Boubacar Boris Diop, romancier et journaliste sénégalais, a publié en 2001 aux éditions Stock un roman intitulé de manière relativement mystérieuse Murambi, le livre des ossements. Il s’agit d’une fiction prenant pour base le génocide rwandais de 1994.

Ce livre fut écrit dans des circonstances bien particulières : avec le soutien d’une fondation, Diop, tout comme une dizaine d’autres écrivains africains, avait été invité à faire un séjour de deux mois sur les lieux où se déroulèrent ce que les Africains ont l’habitude de nommer de manière euphémique les « événements ».

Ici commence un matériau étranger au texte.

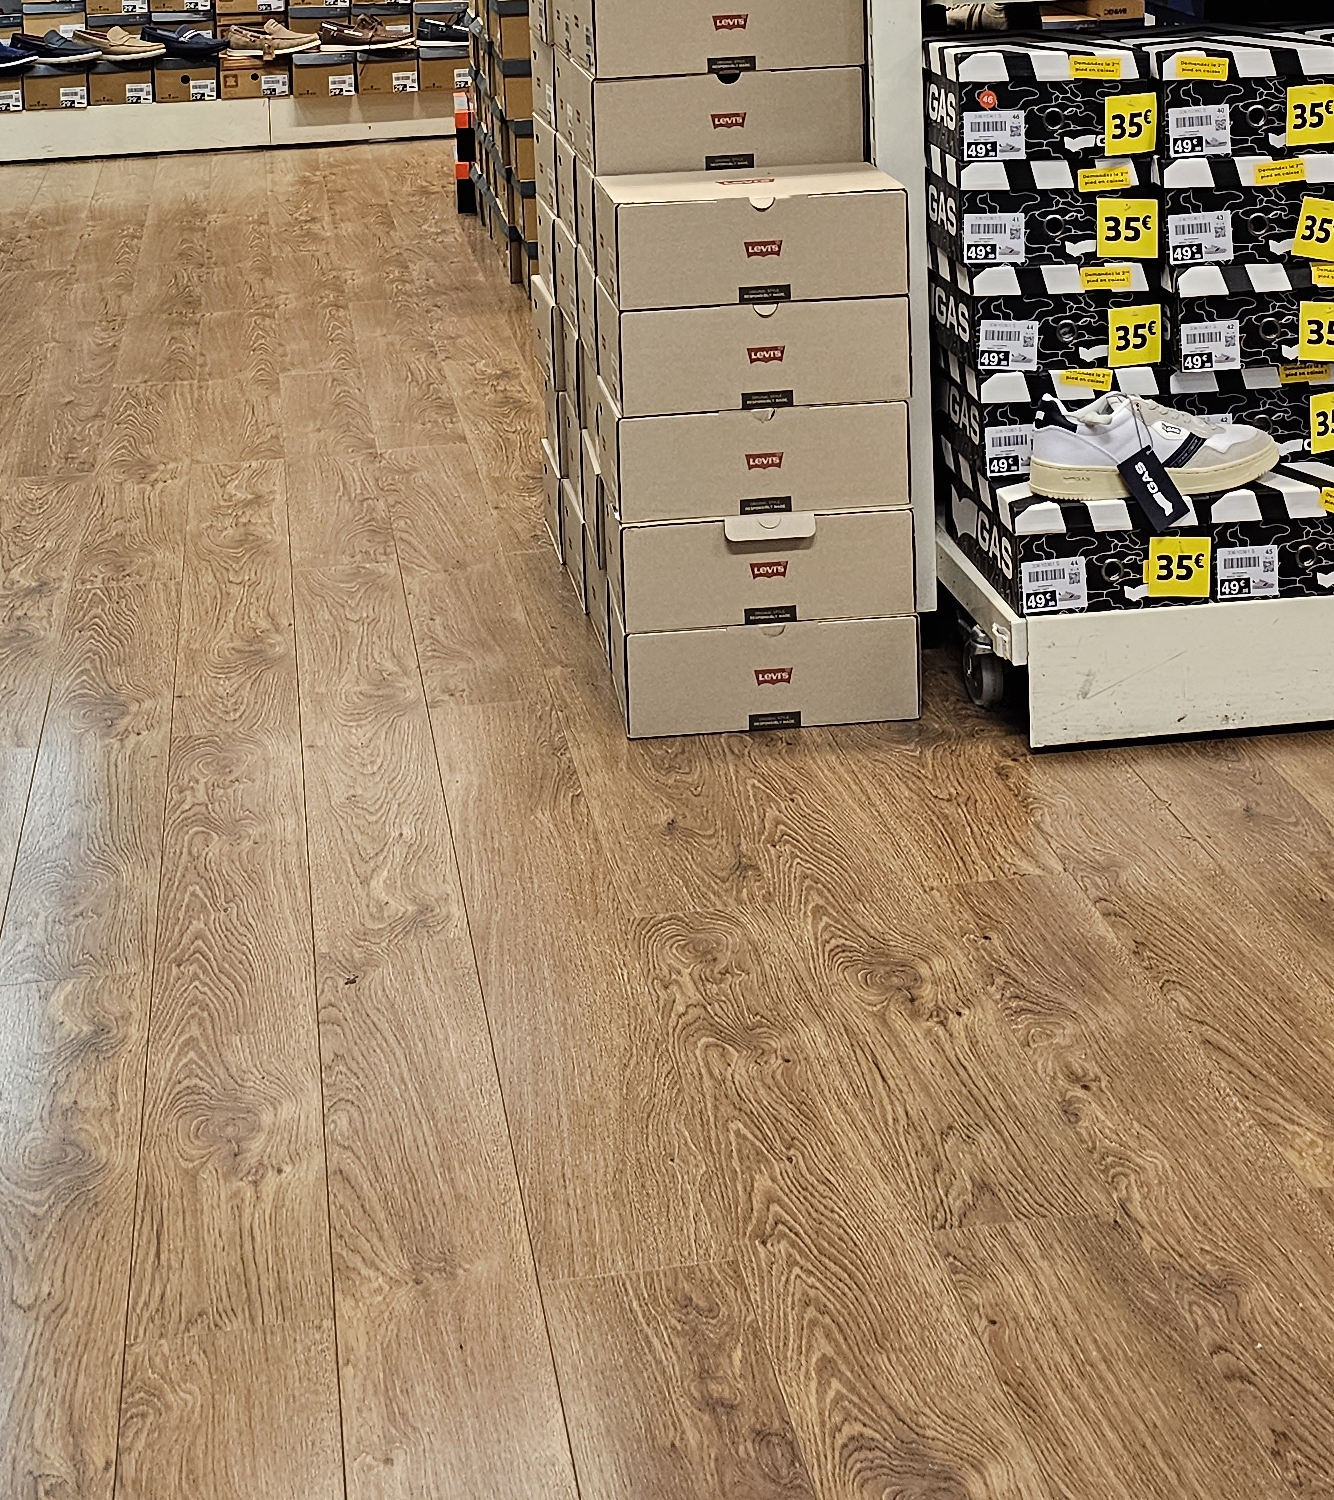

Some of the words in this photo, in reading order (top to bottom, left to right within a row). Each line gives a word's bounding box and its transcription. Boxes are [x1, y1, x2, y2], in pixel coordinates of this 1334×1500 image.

[928, 83, 957, 131] GAS
[1112, 109, 1151, 139] 35€
[1293, 100, 1333, 129] 35€
[928, 184, 957, 237] GAS
[1105, 215, 1151, 241] 35€
[934, 289, 970, 343] GAS
[1116, 321, 1156, 351] 35€
[948, 385, 981, 446] GAS
[977, 509, 1013, 580] GAS
[1157, 554, 1204, 580] 35€

Si le titre du roman produit à la suite de ce séjour sera énigmatique pour la plu- part des lecteurs, n’est-ce pas dû, au moins en partie, à la difficulté de dire l’indicible ? Difficulté rencontrée, par exemple, par tous ceux qui désirent évoquer la Shoah.

« Murambi », dont la signification n’apparaîtra qu’à la p. 53, du moins pour un lecteur non averti des réalités locales, est le lieu où s’est déroulée l’enfance du personnage principal, pour autant que cette appellation corresponde vraiment à la réalité, comme on pourra s’en rendre compte. L’importance du toponyme est confortée par le fait qu’il donne aussi son titre à la quatrième et dernière partie.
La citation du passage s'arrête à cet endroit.